特別講演

8月2日(火)9:30〜10:30

「AIの「精度」とは何か -東ロボPから見えてきたこと」
新井紀子(国立情報学研究所)

Noriko Arai

「ロボットは東大に入れるか」は、現代の人工知能で複合的知的タスクを、人間との比較においてどの程度解くことができるかをテーマに2011年に国立情報学研究所を中心として開始したプロジェクトである。今回の講演では、プロジェクトを通じて得た、機械と人間が行う検索・要約・自然言語処理の各タスクに関して、精度の比較について紹介するとともに、機械精度の計測はどうあるべきか、について、議論してみたい。 

 

8月3日(水)9:00〜10:00

「機械学習・AI時代における基礎研究」
河原林 健一(国立情報学研究所)

現在、アルゴリズム・理論計算機科学の研究者がAI分野に参入し、応用系の研究者と共同研究を行うことにより、多くの研究成果を挙げている。その理由は、データサイエンスから派生する「難解な」問題に対して、(近似的に)解決可能に「定式化」 する技術、および効率的に解決するアルゴリズムを多数持っているからである。

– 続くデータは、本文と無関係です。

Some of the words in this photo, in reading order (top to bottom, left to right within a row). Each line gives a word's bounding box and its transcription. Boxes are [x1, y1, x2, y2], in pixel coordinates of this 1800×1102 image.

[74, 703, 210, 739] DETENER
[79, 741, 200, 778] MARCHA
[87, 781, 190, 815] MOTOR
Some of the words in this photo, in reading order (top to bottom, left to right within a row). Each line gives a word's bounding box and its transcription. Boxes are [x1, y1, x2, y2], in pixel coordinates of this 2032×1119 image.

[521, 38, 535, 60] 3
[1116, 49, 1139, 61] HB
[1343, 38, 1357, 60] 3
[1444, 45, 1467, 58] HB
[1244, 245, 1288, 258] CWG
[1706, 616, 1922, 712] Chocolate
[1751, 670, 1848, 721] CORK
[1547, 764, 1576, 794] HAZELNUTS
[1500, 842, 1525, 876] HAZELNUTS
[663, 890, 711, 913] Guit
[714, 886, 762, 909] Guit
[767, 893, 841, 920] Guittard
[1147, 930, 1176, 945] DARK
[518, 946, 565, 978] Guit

私が研究総括を務めるJST ERATO「河原林巨大グラフプロジェクト」でも、2013年より、最適化・アルゴリズムの若手研究者と優秀な大学院生を組み合わせることにより、機械学習、AI, データーマイニング、 データーベース、自然言語などの幅広い分野で、世界的研究成果を挙げようと試みてい る。本講演では、この「試み」で成功した点、改善点などを報告したい。

 

8月4日(木)9:00〜10:00

「画像の認識・理解をめぐる法律問題について」
小林 正啓(大阪弁護士会)

画像認識技術が成熟し、社会実装されるにしたがい、さまざまな社会問題や、法律問題が指摘されはじめている。2014年には、顔認識技術を用いて個人の移動経路を把握し、人流統計情報を作成するための実証実験が、社会の反発を浴び中止に追い込まれた。本講演では、実際の「炎上」事例や、想定される法的問題点を具体的に取り上げることを通じ、研究者として留意するべきELSI(Ethical, Legal, Social Issues)のあり方を論じる。